Task objective
Taking the line that contains "this 1600×901 image." as the first, copy each line exactly up to and including the last line below.

▽

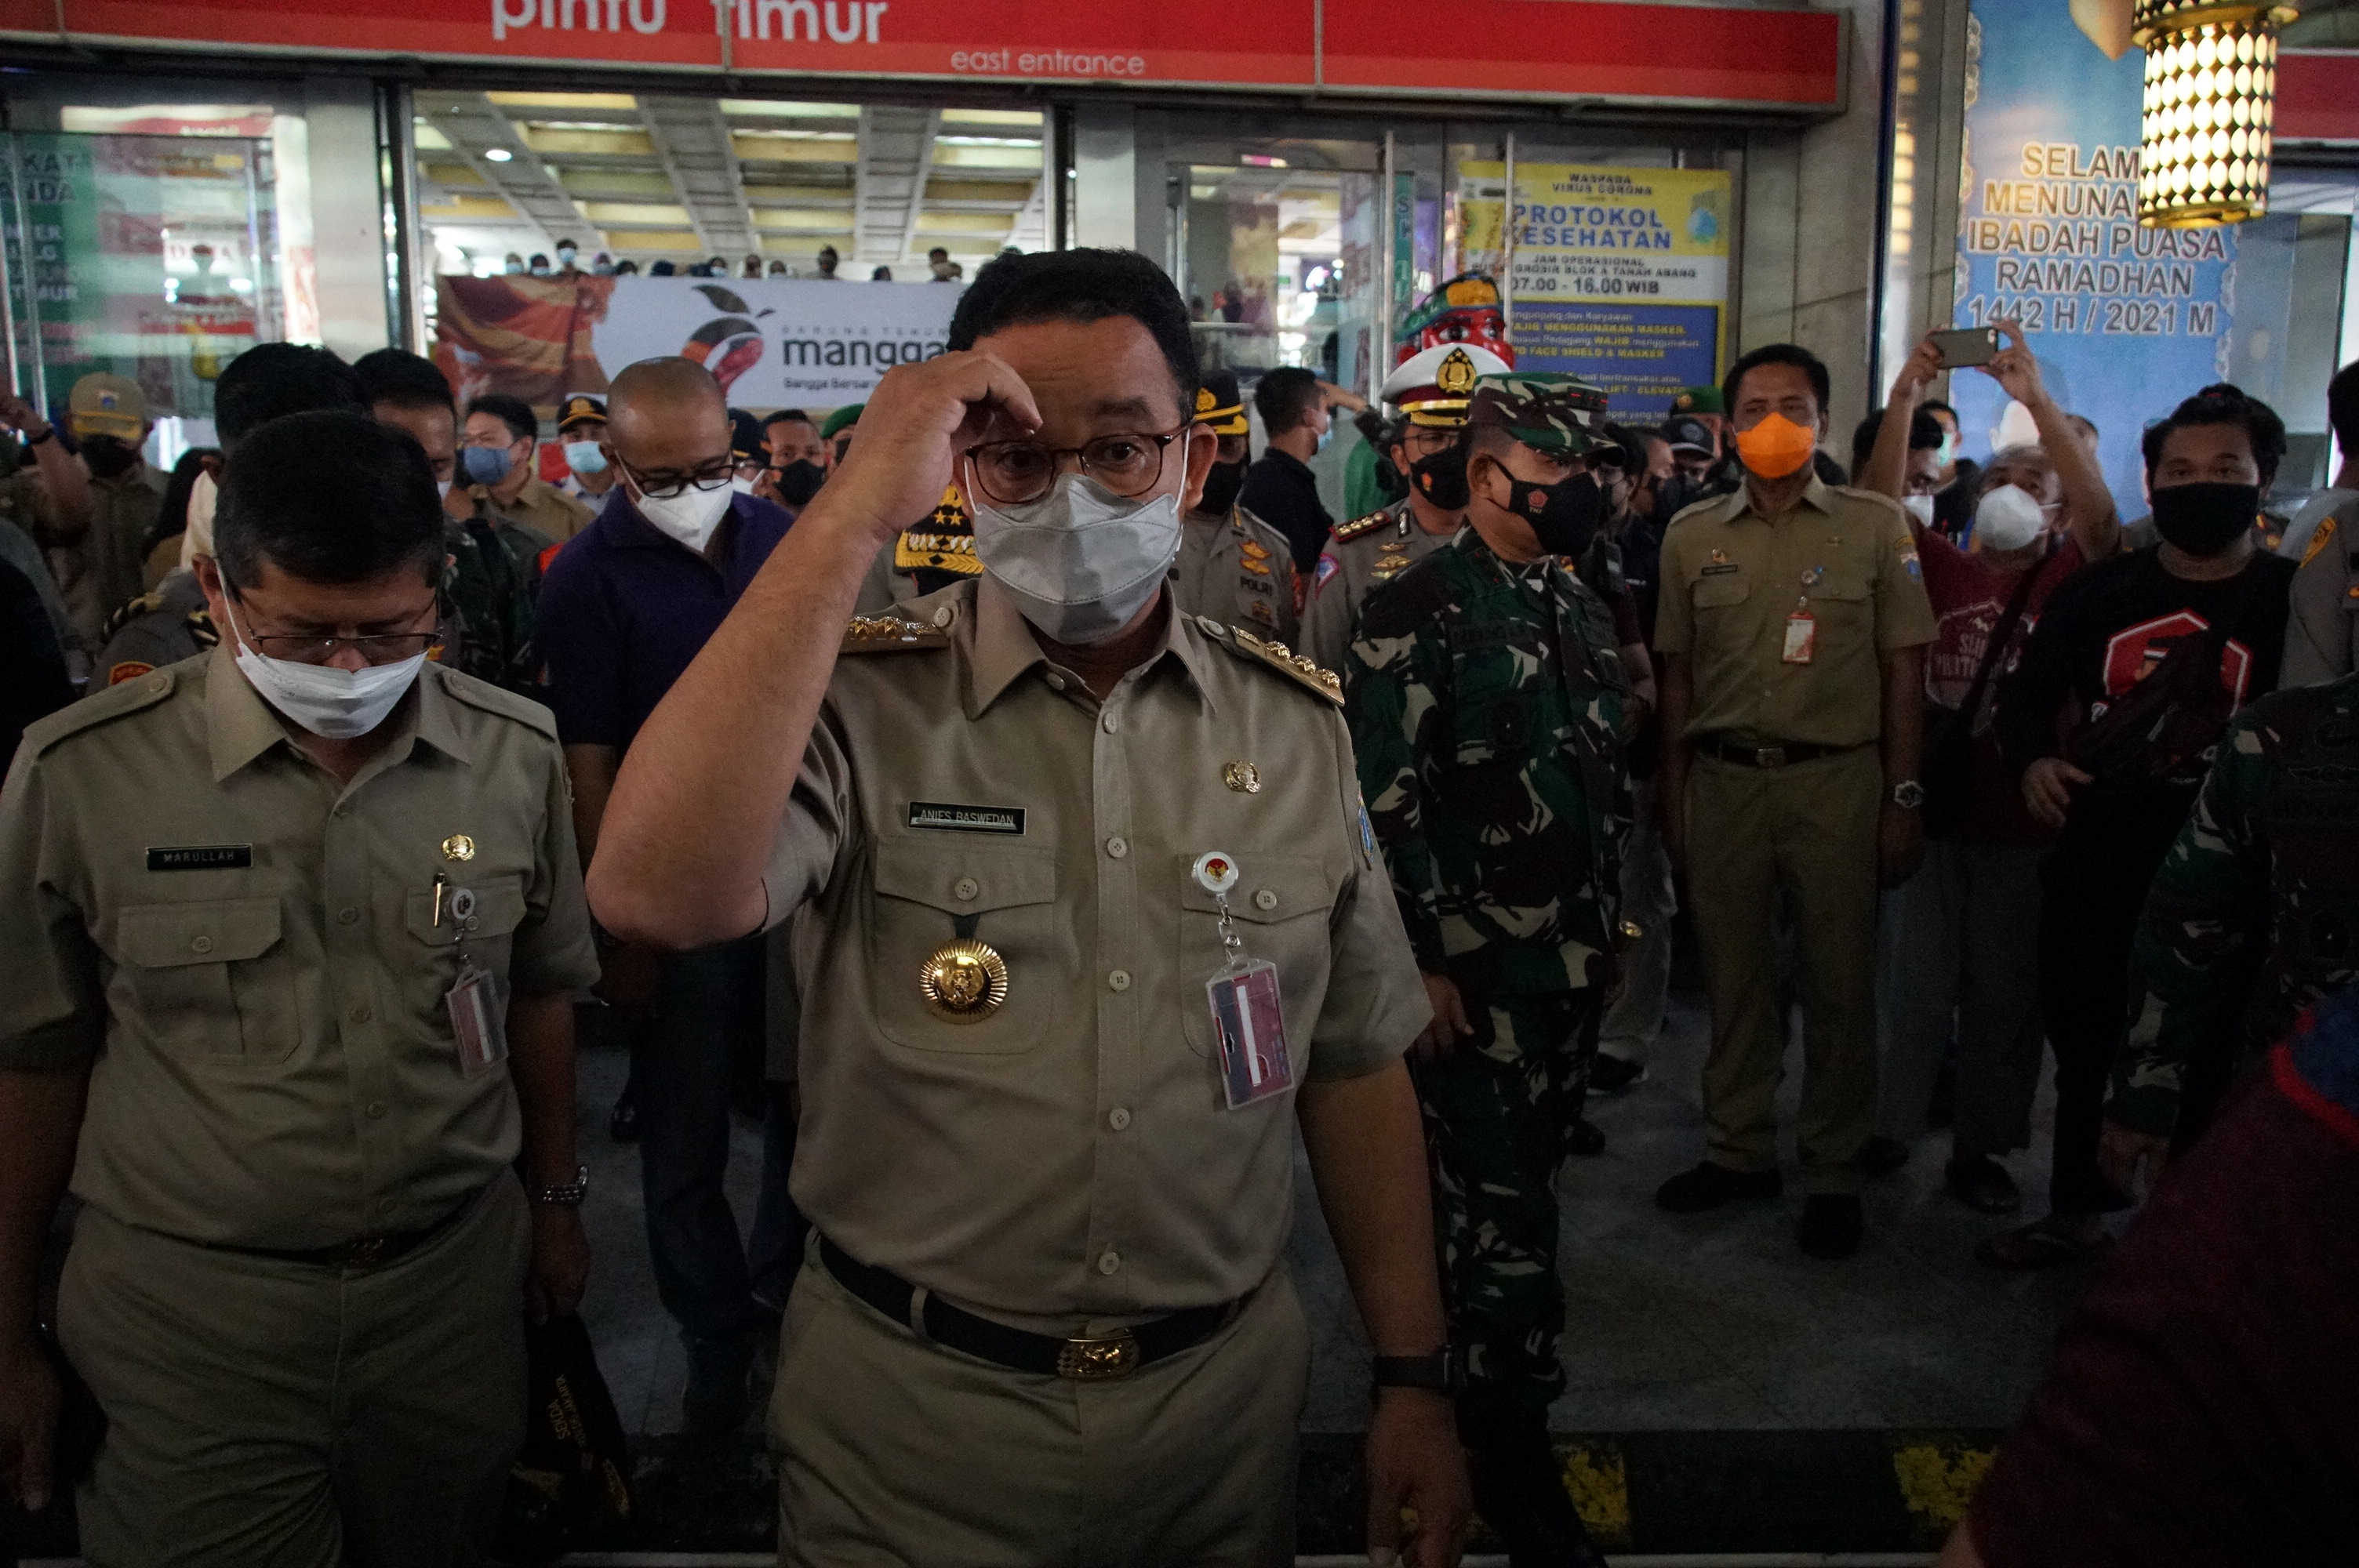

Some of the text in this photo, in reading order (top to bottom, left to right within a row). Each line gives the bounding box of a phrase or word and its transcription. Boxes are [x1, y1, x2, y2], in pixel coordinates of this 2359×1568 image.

[713, 0, 889, 44] timur
[950, 49, 1146, 76] east entrance
[1552, 183, 1652, 195] VIRUS CORONA
[1983, 182, 2140, 216] MENUNA
[1968, 220, 2226, 260] IBADAH PUASA
[1534, 254, 1645, 267] JAM OPERASIONAL
[1565, 266, 1595, 274] BLOK
[1613, 267, 1652, 276] TANAH
[1656, 268, 1697, 278] ABANG
[1996, 260, 2193, 296] RAMADHAN
[1573, 278, 1622, 293] 16.00
[1626, 280, 1659, 294] WIB
[1968, 298, 2215, 335] 1442 H / 2021 M
[1239, 576, 1274, 597] POLRI
[920, 809, 1014, 826] ANIES BASWEDAN
[163, 851, 235, 863] MARULLAH
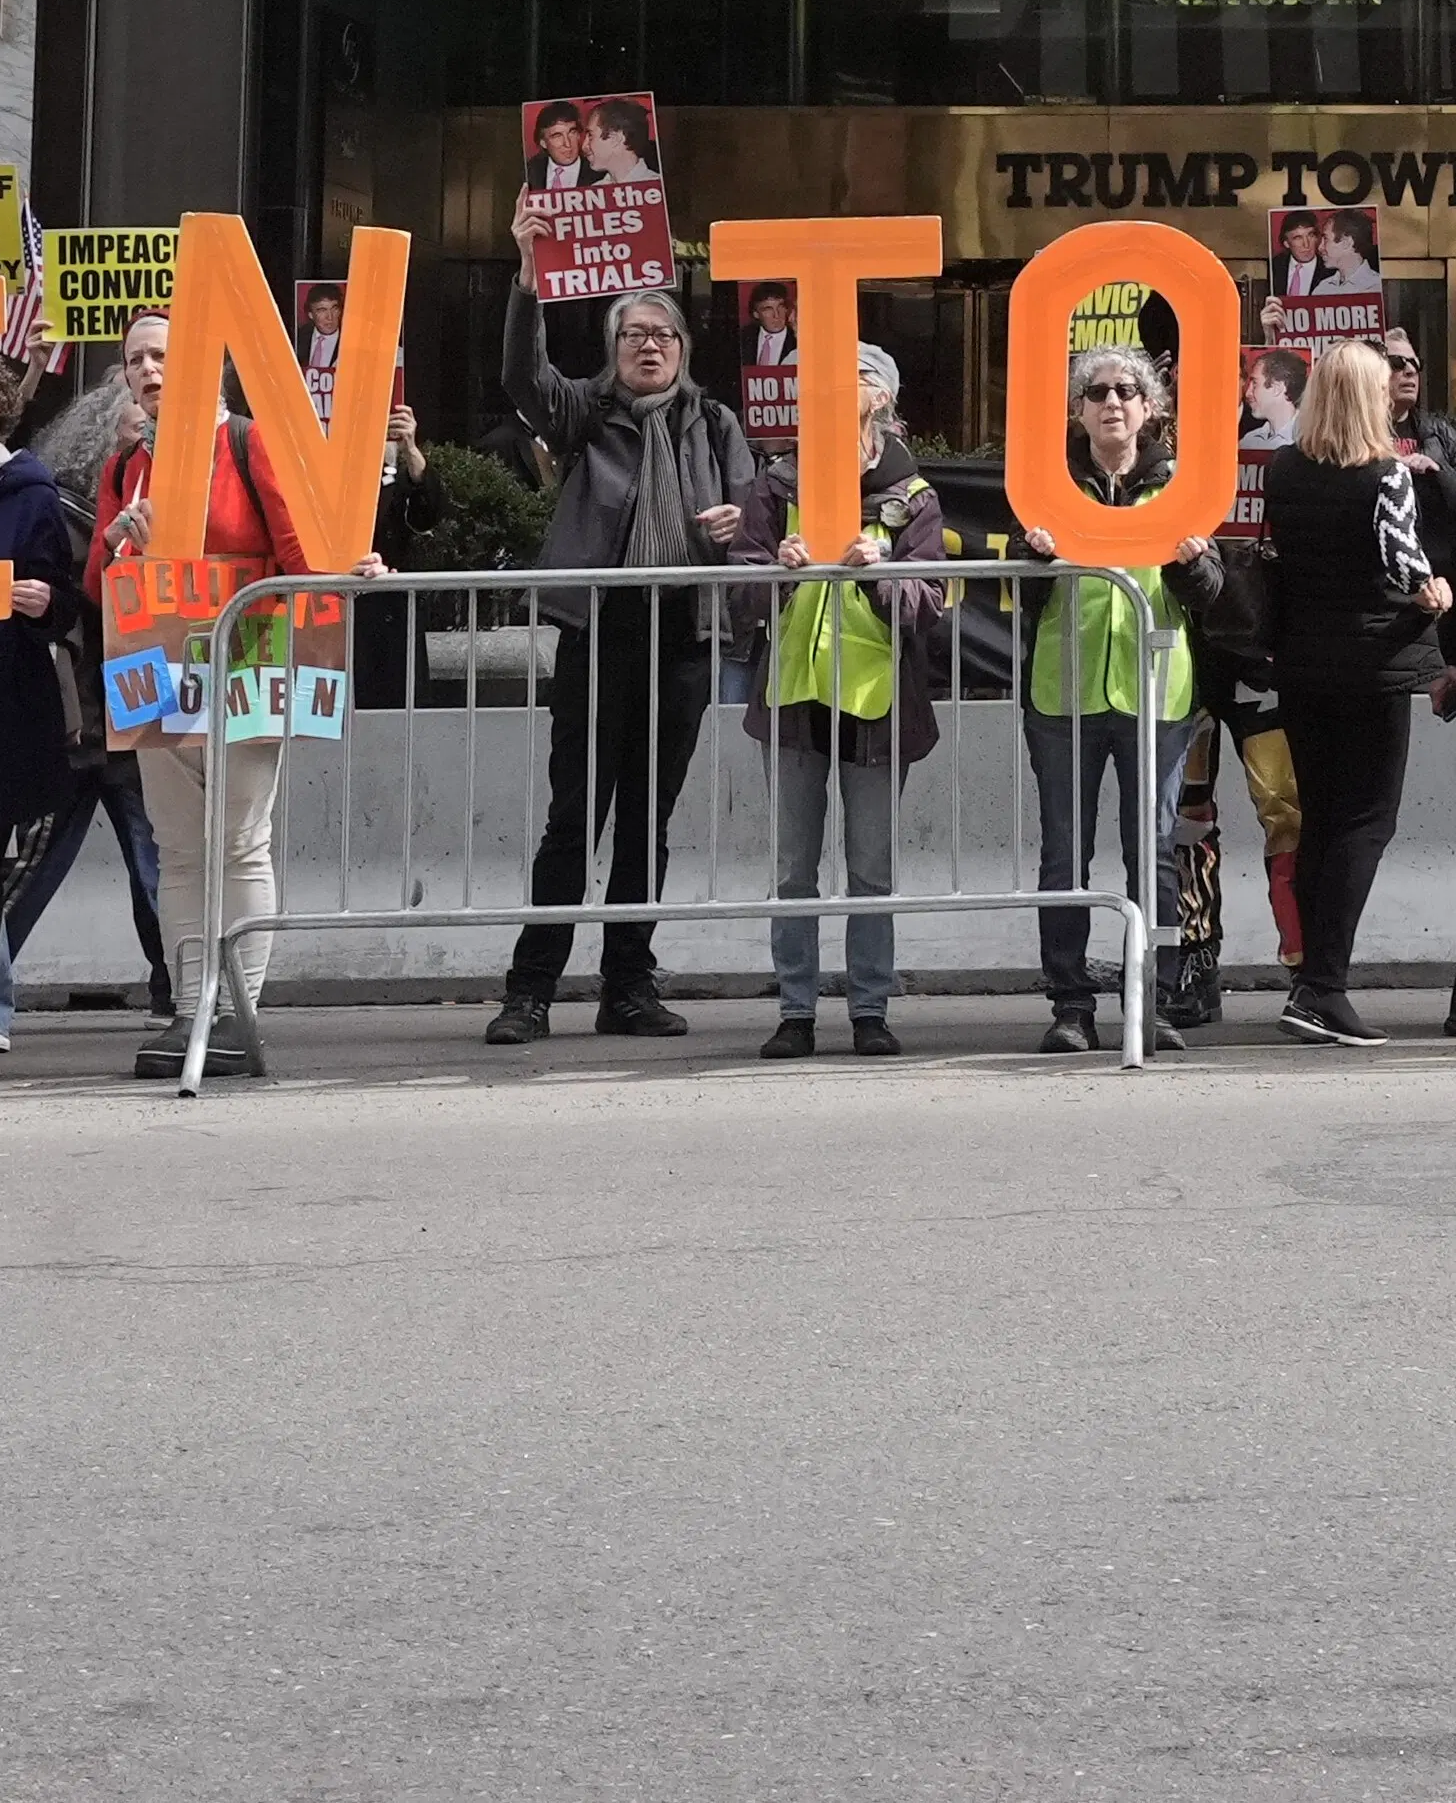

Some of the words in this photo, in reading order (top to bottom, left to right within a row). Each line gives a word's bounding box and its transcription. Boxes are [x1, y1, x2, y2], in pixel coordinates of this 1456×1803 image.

[996, 150, 1258, 209] TRUMP
[527, 190, 607, 216] TURN
[613, 185, 663, 208] the
[555, 210, 644, 241] FILES
[58, 233, 179, 265] IMPEAC
[573, 241, 632, 265] into
[59, 268, 175, 301] CONVIC
[544, 260, 665, 297] TRIALS
[1281, 307, 1310, 333] NO
[1315, 305, 1380, 331] MORE
[709, 214, 1241, 568] TO
[747, 377, 779, 401] NO
[113, 662, 338, 718] WOMEN
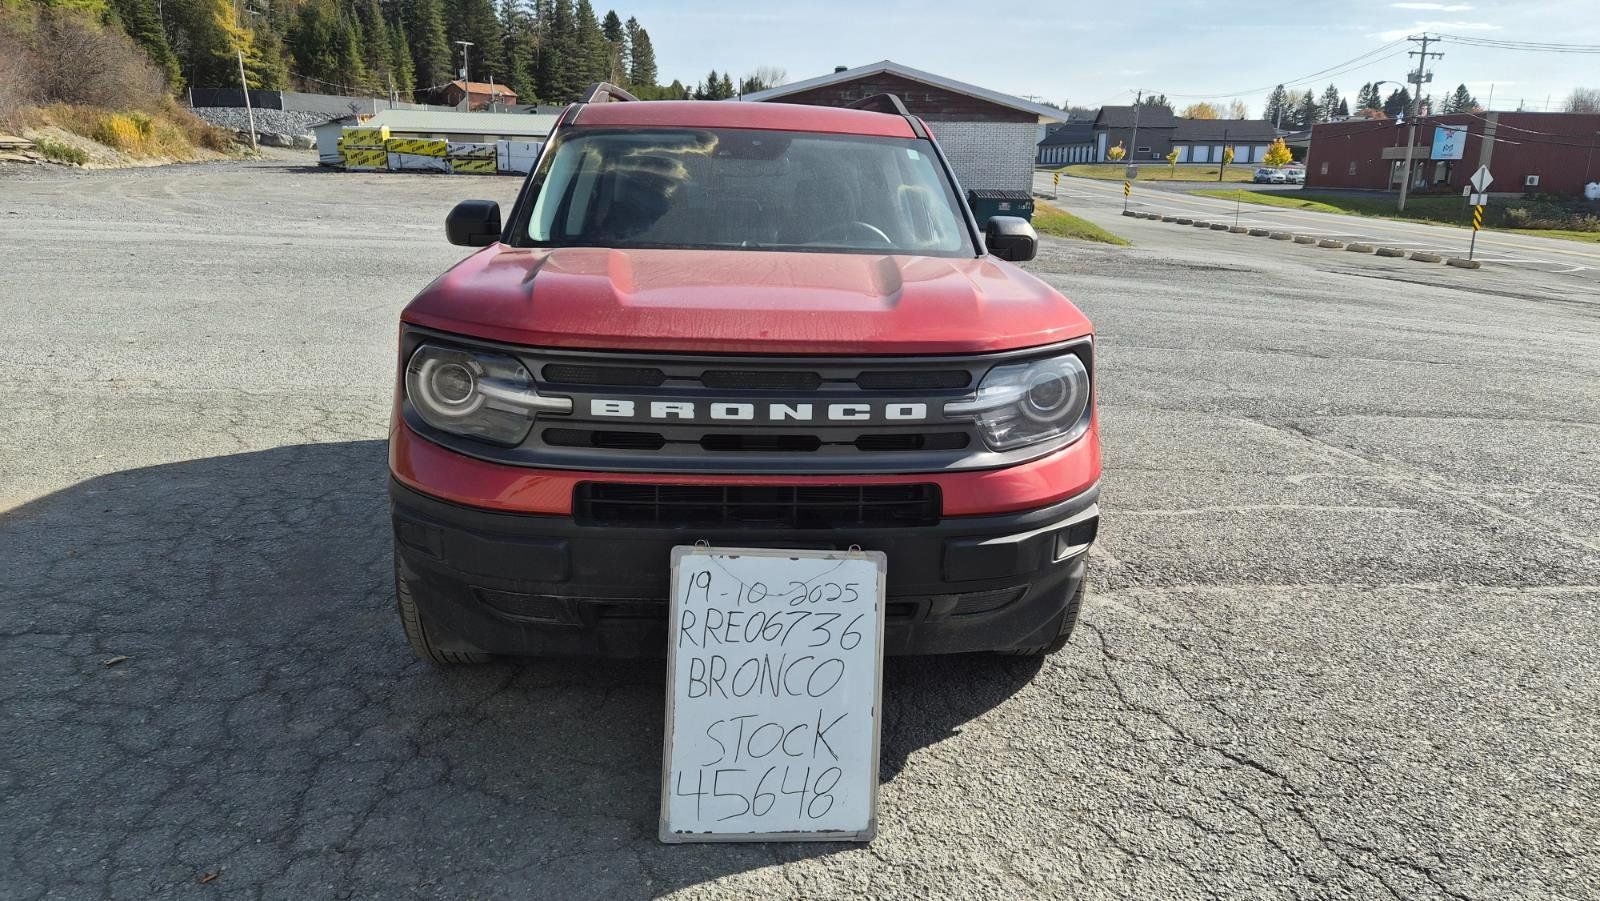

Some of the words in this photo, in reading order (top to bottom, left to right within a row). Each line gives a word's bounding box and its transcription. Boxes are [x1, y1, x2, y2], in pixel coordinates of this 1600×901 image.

[590, 399, 927, 420] BRONCO
[679, 608, 864, 650] RRE06736
[688, 653, 845, 699] BRONCO
[702, 708, 849, 767] STOCK
[676, 766, 842, 821] 45648

△

Task result
Some of the words in this photo, in reading order (top to bottom, left to right within a row). Each line gives a word's bounding box and its transcription. Boxes are [x1, y1, x2, y2], in pixel coordinates of this 1600×901 image.

[590, 399, 927, 420] BRONCO
[679, 608, 864, 650] RRE06736
[688, 653, 845, 699] BRONCO
[702, 708, 849, 767] STOCK
[676, 766, 842, 821] 45648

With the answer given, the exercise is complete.